Bringing water to Tanzania
Tel Aviv University's future engineers flew to Africa to connect a school with 1,000 students to clean water
The children living in the villages of Babati district, Tanzania will now have drinkable water during the dry season, thanks to the student delegation from the Iby and Aladar Fleischman Faculty of Engineering.
Unfortunately, there are still many places in the world where fresh, clean water, which many in developed countries take for granted, is a rare commodity. This is a common problem in many African countries. Each year, a delegation of engineers from the University of Tanzania sets out to build and improve water and electricity infrastructure. They do so within the framework of the "Engineers Without Borders" association, which works to promote and improve the quality of life of the Israeli population and developing populations worldwide.
This year, as in previous years, students responded to the organization's call, and a delegation of six students flew out during the Sukkot holiday break to contribute their time and knowledge, gained during their studies, and install systems at the regional school that would store 40,000 liters of water.
Months without water
"In Babati district, children sometimes have to walk 10 kilometers to reach clean water reservoirs, or settle for stagnant, contaminated water containing high levels of fluoride, which is detrimental to their health," says Natalie Lubelchick, a University delegation graduate who is currently completing her master's degree in Astrophysics.
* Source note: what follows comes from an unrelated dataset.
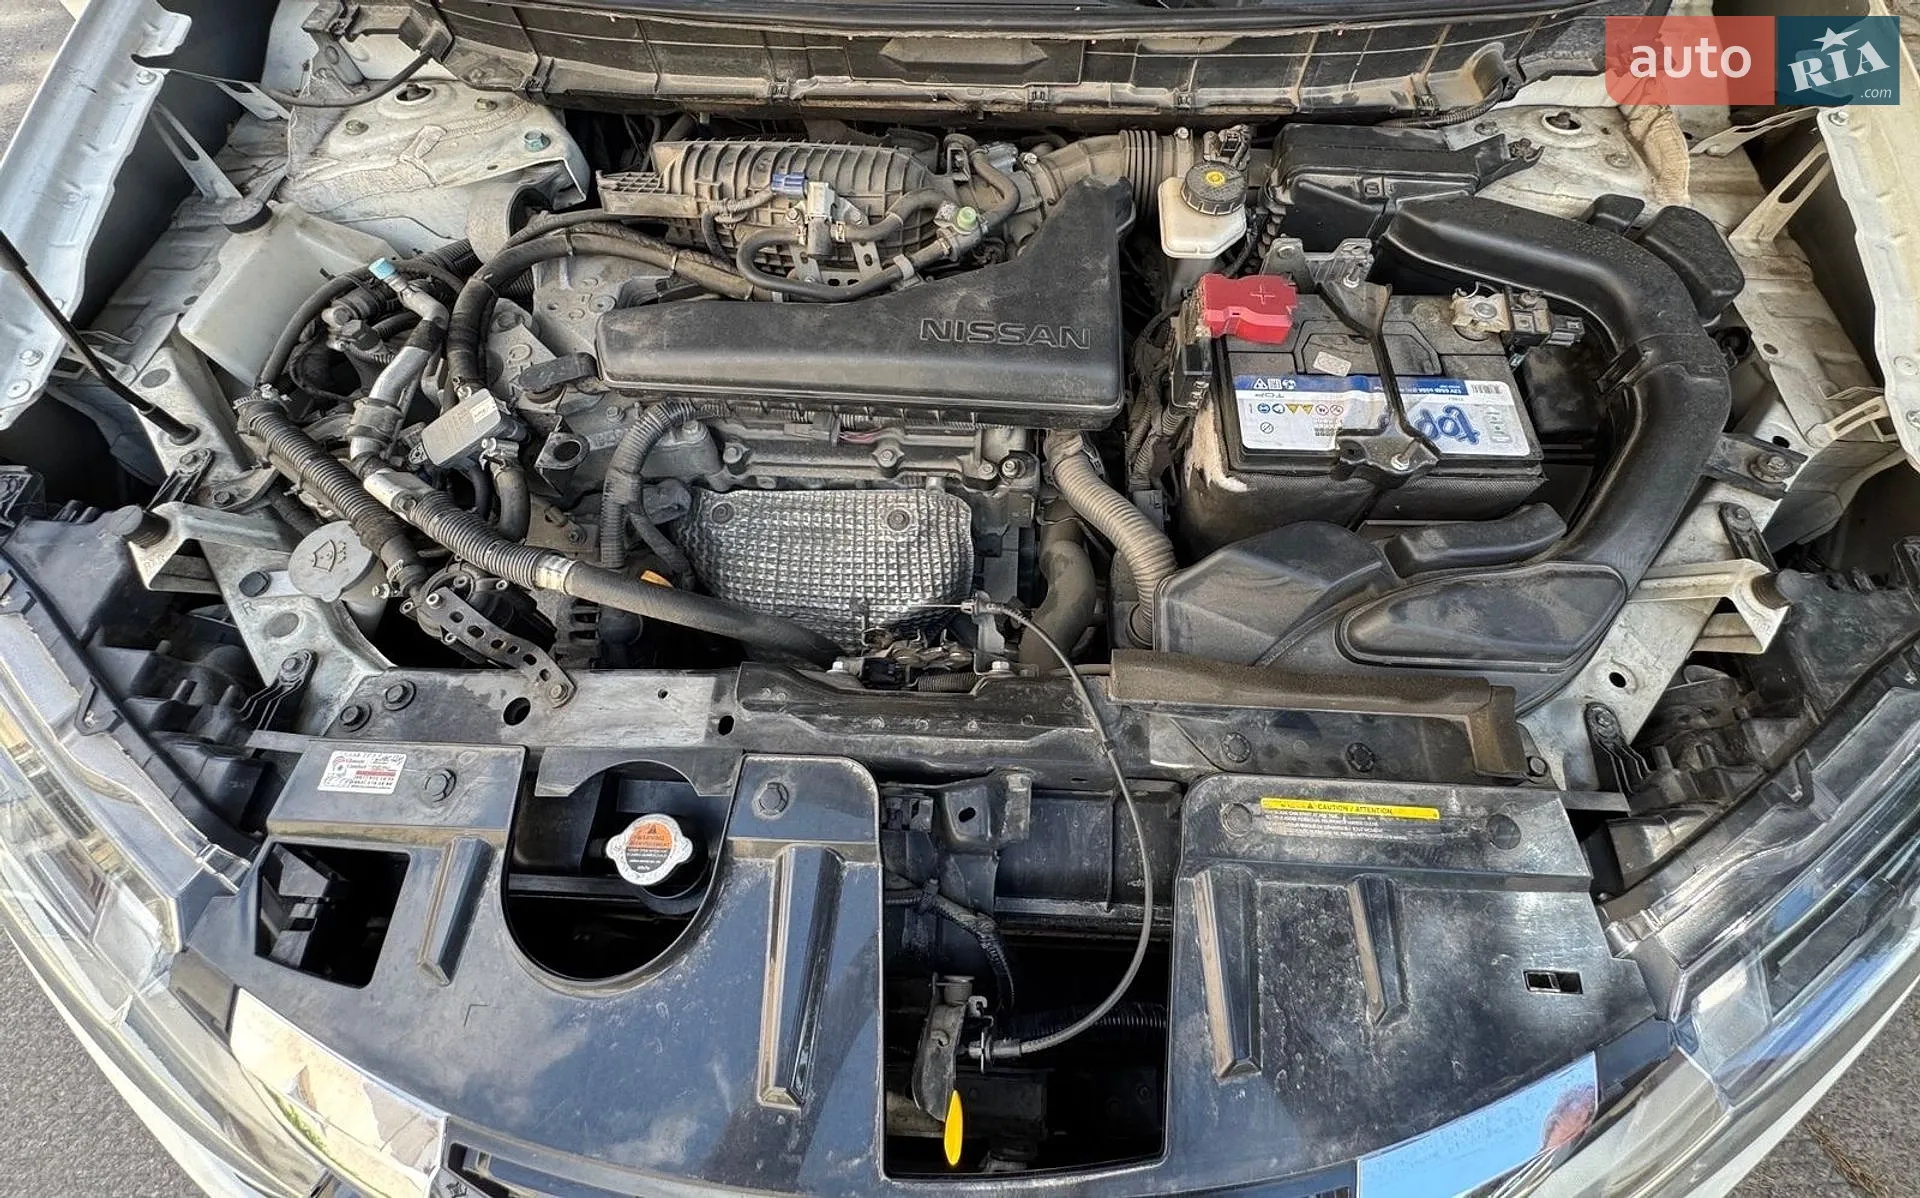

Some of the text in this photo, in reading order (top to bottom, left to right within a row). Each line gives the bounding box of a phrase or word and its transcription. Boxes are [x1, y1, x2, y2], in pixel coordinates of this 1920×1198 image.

[920, 317, 1091, 350] NISSAN
[1414, 405, 1481, 444] top
[1317, 803, 1349, 812] CAUTION
[1355, 805, 1393, 815] ATTENTION
In Tanzania, during the dry season, the local rural population has to cope with three long, hot and dry months. In the absence of a solid infrastructure, the search for drinkable water sources is particularly difficult. If that’s not enough, the same water is also sought by wild animals, who often damage the few existing artificial water reservoirs.
The mission of the Israeli delegation, which has sent volunteers for the fifth time, was to build a 40,000-liter water collection system from the rooftops of the Babati district school, where approximately a 1,000 students study, maintain existing systems installed by previous delegations, and also establish a new library, together with the local community. The project is overseen by Prof. Dror Avisar, head of the Water Research Center and of the Moshe Mirilashvili Institute for Applied Water Studies.
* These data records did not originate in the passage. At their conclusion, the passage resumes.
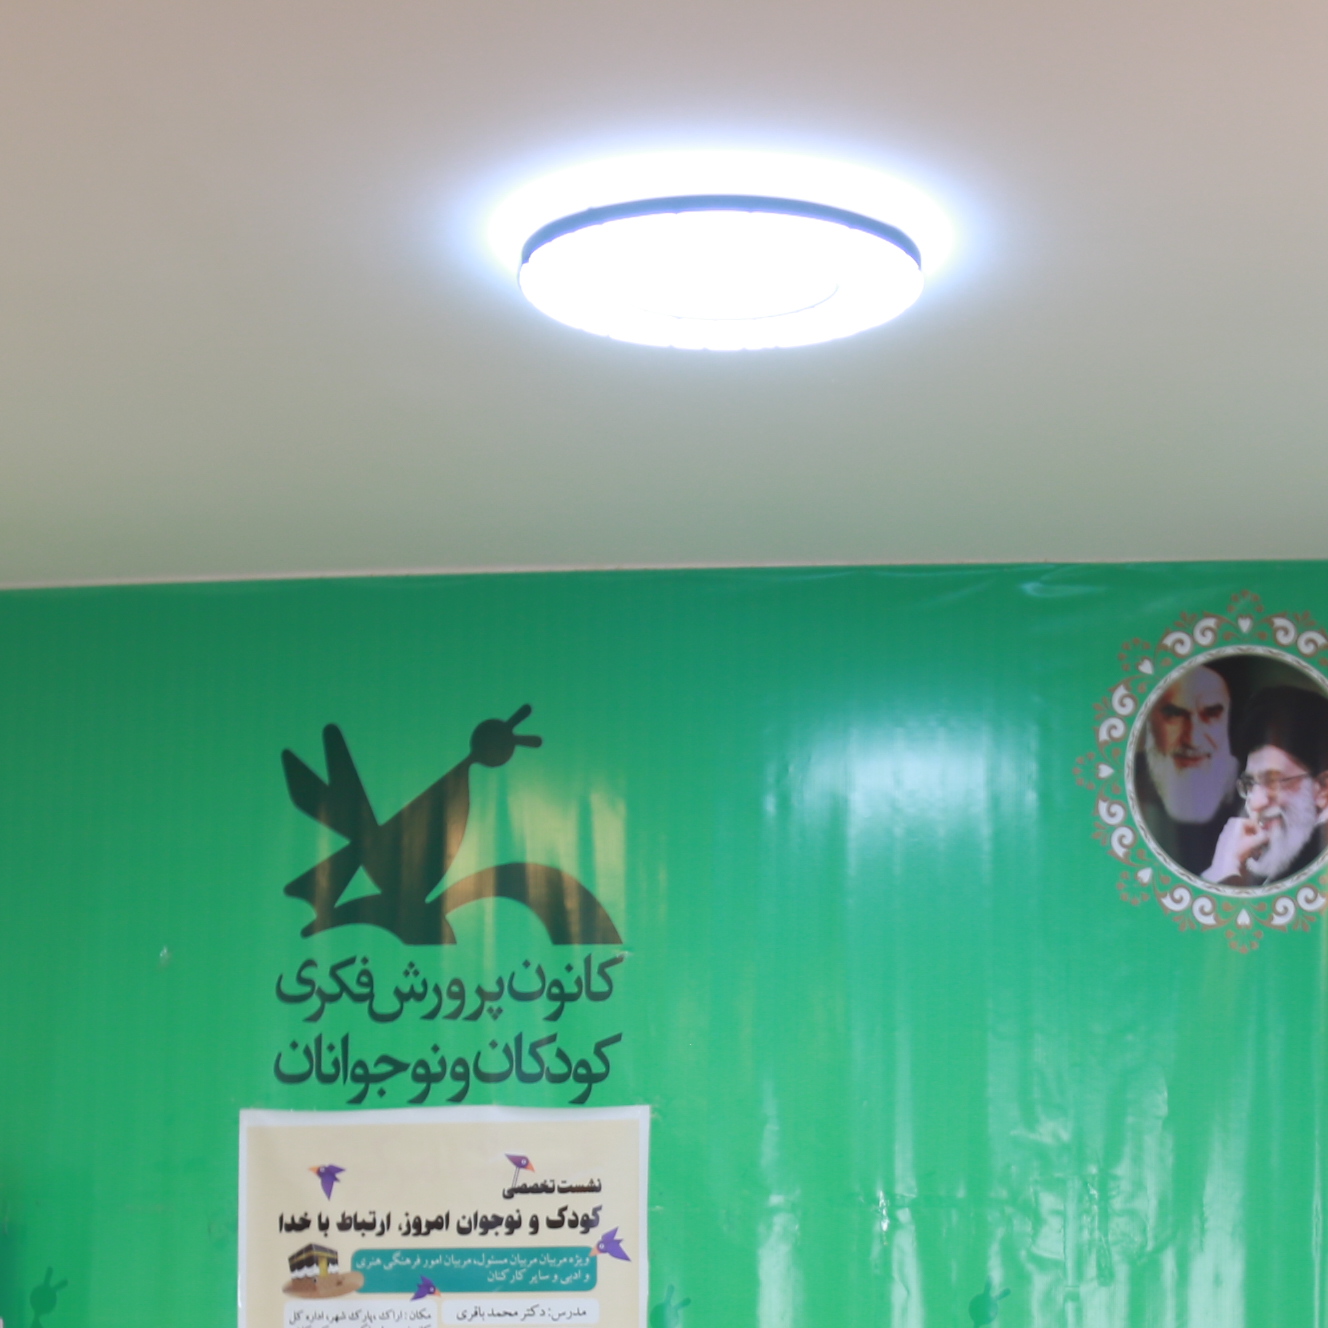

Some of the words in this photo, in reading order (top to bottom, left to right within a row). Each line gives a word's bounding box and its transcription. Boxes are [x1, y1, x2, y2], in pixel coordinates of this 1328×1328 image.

[275, 955, 374, 1022] فکری
[367, 961, 504, 1022] پرورش
[506, 953, 624, 1021] کانون
[273, 1031, 448, 1104] نوجوانان
[446, 1054, 471, 1103] و
[473, 1031, 623, 1104] کودکان
[502, 1179, 555, 1199] تخصصی
[557, 1178, 602, 1194] نشست
[279, 1211, 312, 1234] خدا
[317, 1211, 330, 1237] با
[336, 1210, 391, 1237] ارتباط
[456, 1208, 522, 1236] نوجوان
[528, 1213, 539, 1235] و
[546, 1205, 602, 1234] کودک
[356, 1256, 382, 1270] هنری
[383, 1252, 421, 1270] فرهنگی
[529, 1270, 549, 1284] سایر
[560, 1270, 581, 1284] ادبی
[456, 1305, 485, 1322] باقری
[487, 1308, 518, 1318] محمد
[522, 1304, 546, 1321] دکتر
Working together: members of the delegation with locals from the school in Babati district
A glass of water a day for 1,000 children
After a 12-hour flight and before they embarked on two weeks of challenging physical labor, the delegation acquired all the necessary equipment they didn’t bring with them from Israel in Arusha, the city where they landed: dozens of huge 2000-liter containers, each to be installed in a school, as well as pipes and work tools. The main difficulty of this delegation and its predecessors is in being funded. "The ideal situation is that we would have a regular annual budget and know that our operations are guaranteed," explains Natalie. Sometimes it’s unclear until the day of departure how much money will be at their disposal.
On the eve of leaving the city for the village, the delegation members met the Tanzanian community representative, Julius, a school teacher who accompanies the project, and met his family. "He is the delegation's angel and takes care of all of us," says Natalie.
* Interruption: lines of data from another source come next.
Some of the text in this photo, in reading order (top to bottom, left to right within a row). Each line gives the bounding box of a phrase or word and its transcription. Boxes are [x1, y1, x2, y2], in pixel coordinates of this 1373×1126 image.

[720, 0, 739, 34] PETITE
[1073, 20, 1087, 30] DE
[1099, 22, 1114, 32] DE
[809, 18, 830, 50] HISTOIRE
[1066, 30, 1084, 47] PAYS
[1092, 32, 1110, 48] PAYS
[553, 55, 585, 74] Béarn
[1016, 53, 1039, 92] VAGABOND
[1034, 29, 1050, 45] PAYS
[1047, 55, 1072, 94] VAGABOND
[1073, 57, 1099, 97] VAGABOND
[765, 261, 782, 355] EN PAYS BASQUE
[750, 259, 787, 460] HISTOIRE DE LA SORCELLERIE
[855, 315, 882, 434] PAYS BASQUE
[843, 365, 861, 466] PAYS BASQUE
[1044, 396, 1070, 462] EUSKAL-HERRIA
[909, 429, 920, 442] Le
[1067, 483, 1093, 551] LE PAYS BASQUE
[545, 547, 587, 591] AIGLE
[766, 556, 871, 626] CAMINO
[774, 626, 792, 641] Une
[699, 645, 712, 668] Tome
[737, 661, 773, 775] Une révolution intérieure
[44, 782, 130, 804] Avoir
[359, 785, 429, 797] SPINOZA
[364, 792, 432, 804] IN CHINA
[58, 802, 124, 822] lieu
Smiles all around: Julius and his family with members of the delegation
At the biggest, most central school in Babati district, where the largest system was about to be installed, the delegation was greeted with an enthusiastic welcome. Knowing that soon every student would be able to enjoy clean water was exciting for the children.
Hope and excitement: the delegation is recieved by the young students
At the principal's office
The first order of business for the delegation was teaching a group of boys and girls from local Scouts how to help with the construction and then later on how to maintain the systems. "The idea is not just to build a system, but to work collaboratively with the community, which includes education and instruction, which will lead to long-term results," Natalie explains.
Left: local Scouts learning the new system. Right: children from the school using it to get clean water.
The construction process included installing gutters, cleaning the water tanks and preparing the infrastructure. In one of the schools, where systems had already been installed in the past, the delegation had to replace containers, destroyed by elephants that came in search of water, and build anti-elephant concrete walls around them.
While the systems were being installed, the delegation members taught the students about proper use of the system and “water discipline”, and in return the students taught them local songs and dances.
Singing while you work: two members of the delgation with young students
When it was clear that the work was progressing quickly and efficiently, the delegation decided to visit local families and get to know the community. "We started asking them questions about their daily lives and their needs," Natalie says. "We realized that in addition to building the systems in schools, we also want to think of a home solution. Most people here live in extended families, sometimes numbering up to 50 people. So, a solution for one family can spare them a walk to the nearest water source, which can take hours, and also give them clean water, as opposed to reservoirs that are very polluted. Our challenge was to think of a simple, creative and inexpensive solution, using local materials, so we could easily distribute and duplicate it, and they could easily maintain the systems."
Sometimes the villagers are forced to drink polluted water
As the largest system was assembled at the Minjingu Elementary School, the principal, together with the teachers, some of the parents and a thousand students, conducted a moving farewell ceremony. "They thanked us with a song, and promised to maintain the system, and we, for our part, got to see and understand how important the system is to them,” Natalie concludes.